Solvent-detergent treated plasma may be considered second line due to the low risk of viral transmission. Lastly, fresh frozen plasma may be considered as an alternative. However, it is important to keep in mind the risks of plasma infusions as well as the possibility of attack exacerbation.
Hereditary Angioedema Prophylaxis
C1-INHs are also indicated as first-line for prophylaxis (Cinryze, Haegarda). Lastly, although Takhzyro has not been implemented in the 2018 revision, it will likely be integrated with future updates due to biweekly dosing and mild adverse effect profile.
Attenuated androgens (danazol) may be considered as an alternative; however, providers must consider the numerous androgenic side effects and varied dosing when starting this agent. Lastly, tranexamic acid is no longer recommended due to lack of efficacy when compared to newer agents.
The guidelines recommend that treatment plans must be individualized for all patients. Additionally, patients should have on-demand treatment available as well as appropriate education on self-administration techniques. Lastly, both Hepatitis A and B vaccinations are recommended to decrease the risk of viral infections.
For your tl;dr needs, we have included a treatment algorithm below!
Hereditary Angioedema Pipeline: What’s Next?
HAE, although rare, has continued to generate marked interest. (As of this post, there are 11 ongoing clinical trials on clinicaltrials.gov.) As far as future outlook, we may see a gradual transition from subcutaneous to oral formulations. Oral formulations would benefit patients who are unable or unwilling to self-administer injections.

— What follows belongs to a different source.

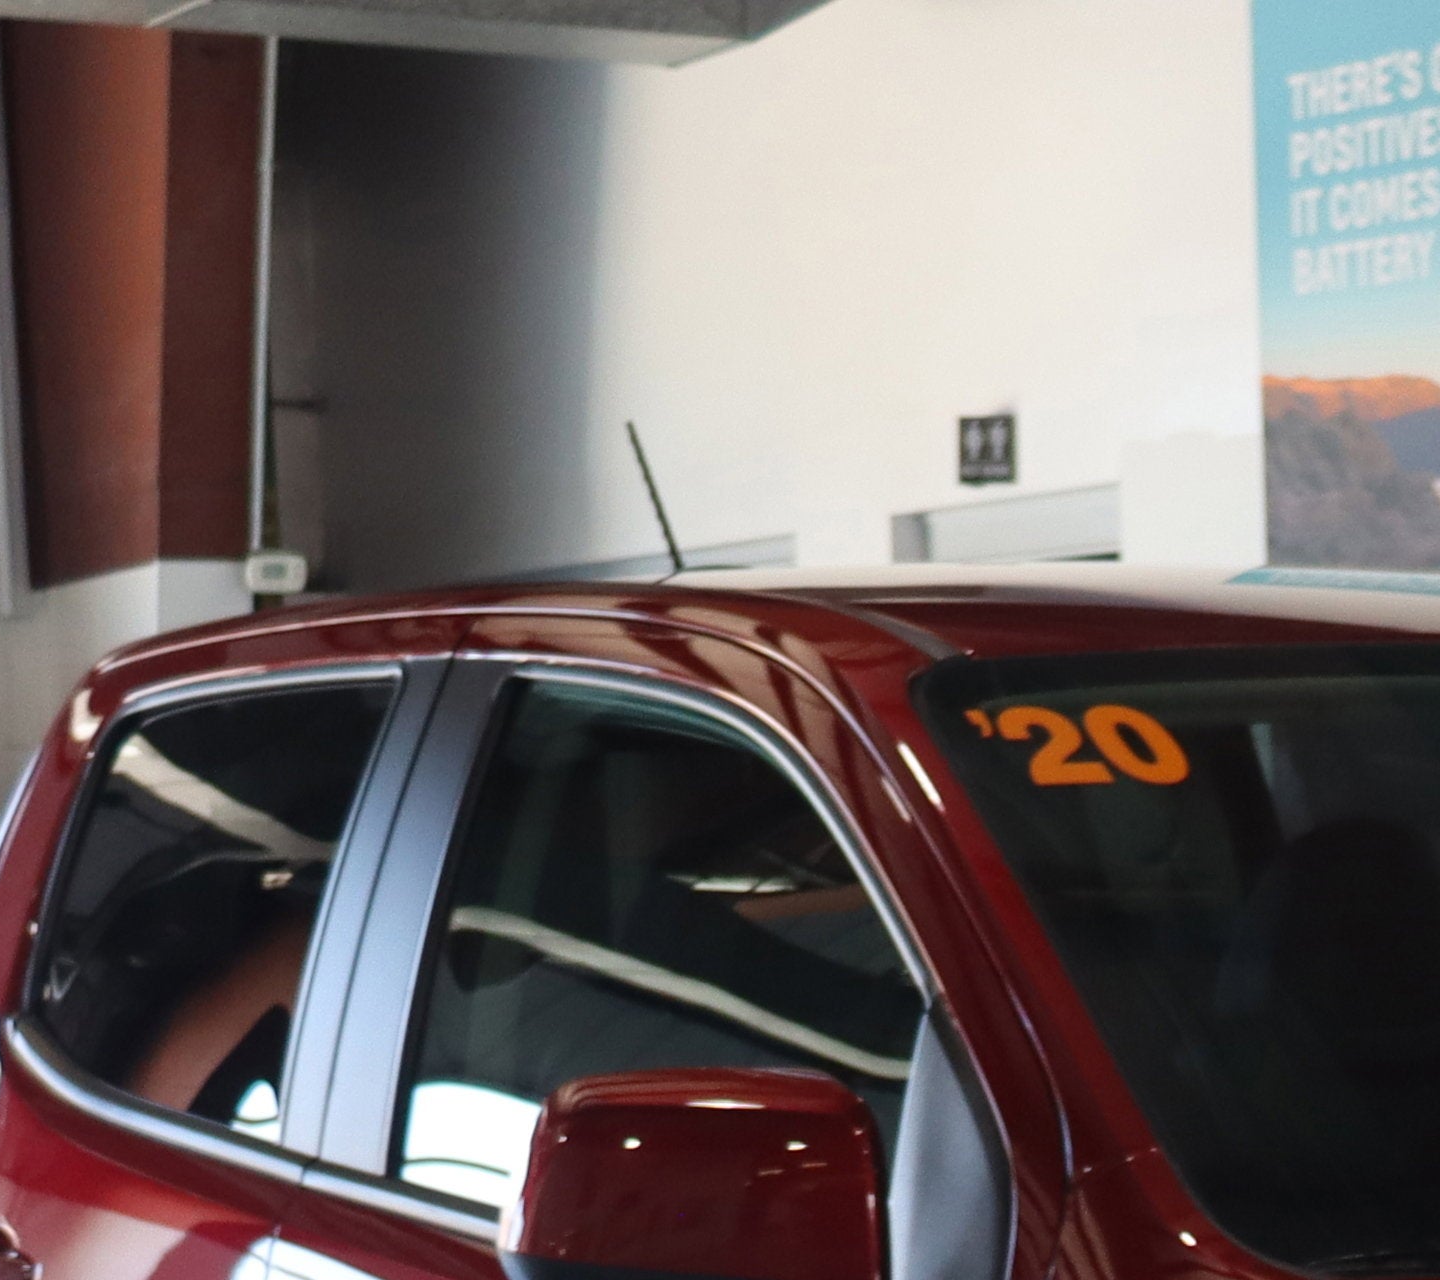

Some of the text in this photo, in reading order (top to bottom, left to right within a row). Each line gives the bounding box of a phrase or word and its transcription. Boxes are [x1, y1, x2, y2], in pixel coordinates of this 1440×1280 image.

[1285, 48, 1424, 121] THERE'S
[1288, 187, 1323, 238] IT
[1291, 228, 1436, 296] BATTERY
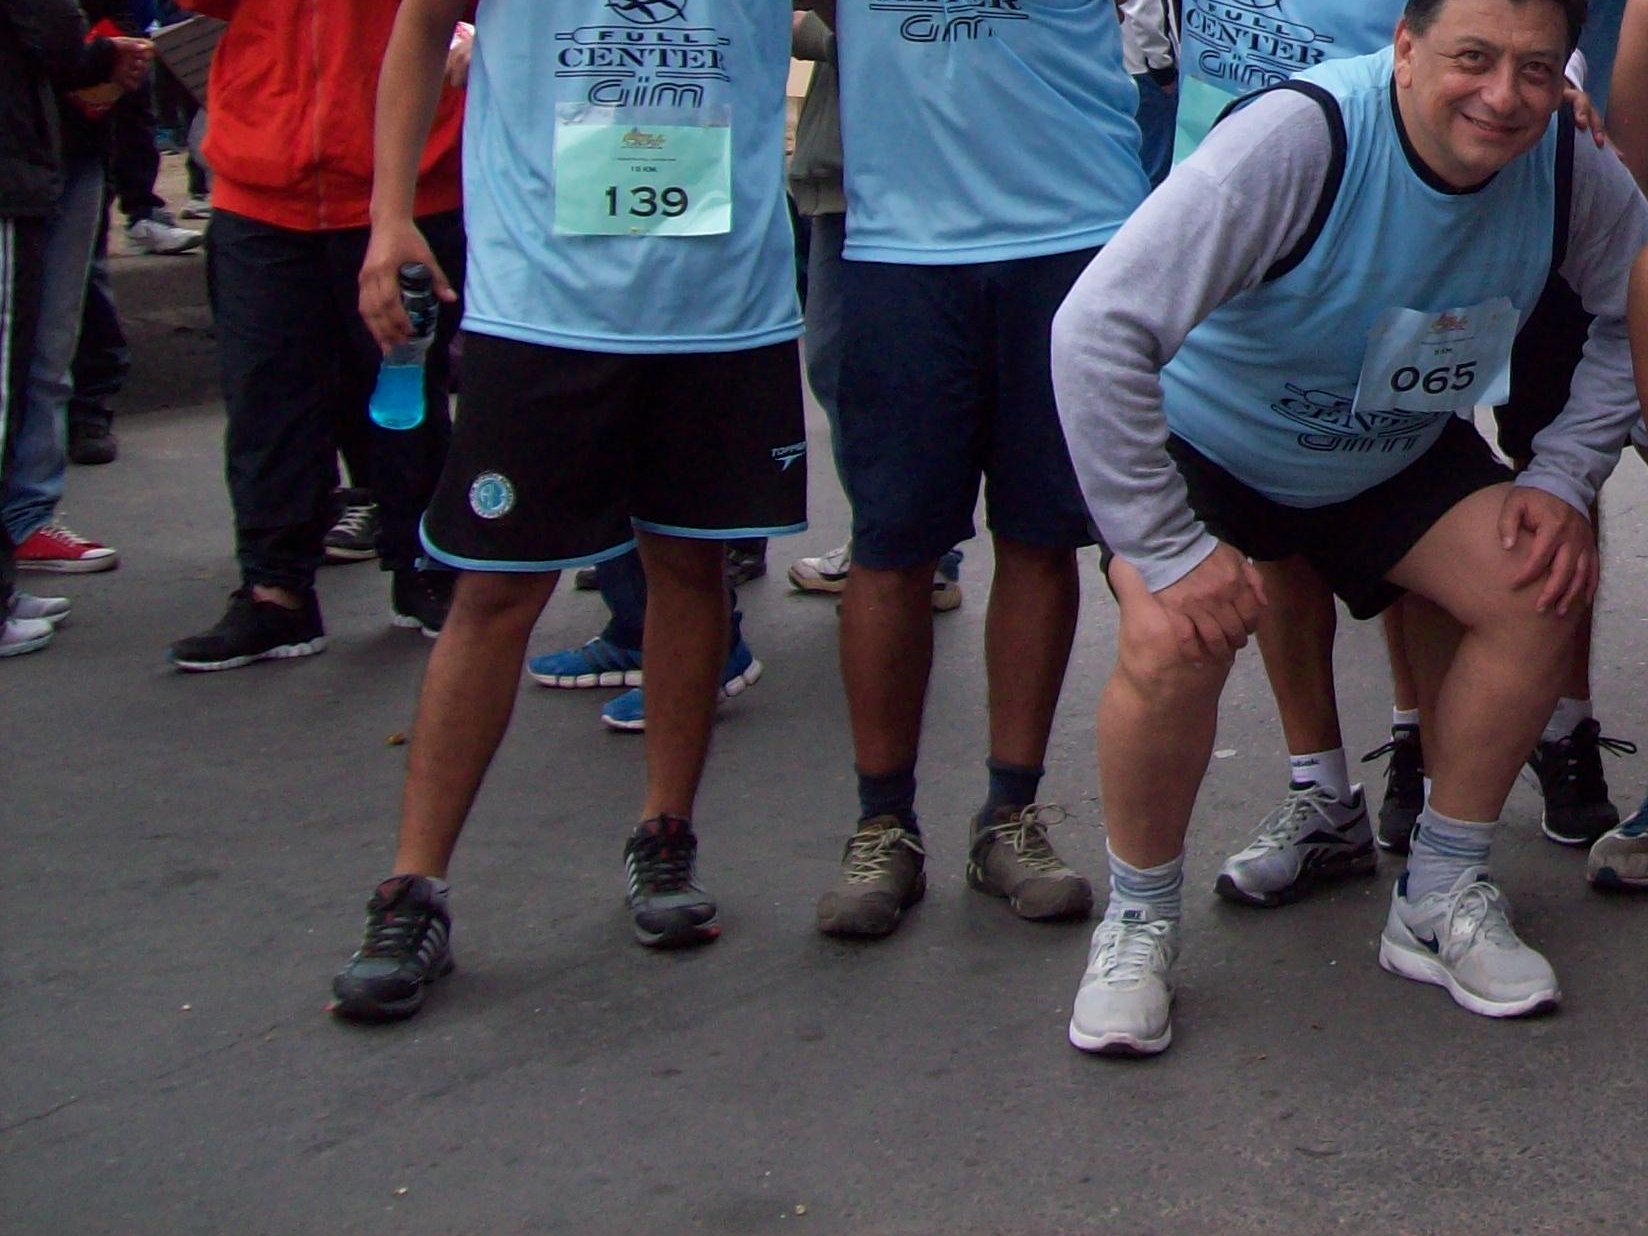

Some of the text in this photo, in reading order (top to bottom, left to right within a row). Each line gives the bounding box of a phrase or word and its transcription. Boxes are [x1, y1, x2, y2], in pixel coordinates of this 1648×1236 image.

As one example, a 2018 NEJM article describes the use of an oral, small molecule kallikrein inhibitor (BCX7353) for HAE prophylaxis. Seventy-seven patients were randomized to once daily dosing of 62.5 mg, 125 mg, 250 mg, and 300 mg over a 28 day period. The findings from this study suggest that patients randomized to doses >125 mg experienced a statistically significant lowering in rate of acute attacks, as well as significantly improved quality of life scores. Additionally, adverse effects were noted to be mild and primarily gastrointestinal in nature.
So there IS some exciting news on the horizon!
Thank you for sticking with us until the very end! We hope that this post sheds some light on a unique and fascinating disease state. We’ve summarized the main takeaways below:
Angioedema encompasses several different subtypes with unique pathophysiologies.
Hereditary angioedema is NOT an allergic reaction and will NOT respond to epinephrine, antihistamines, or steroids.
International guidelines recommend C1-esterase inhibitors as first-line acute and prophylactic treatment.
It is essential for all HAE patients to have on-demand treatment and patient education.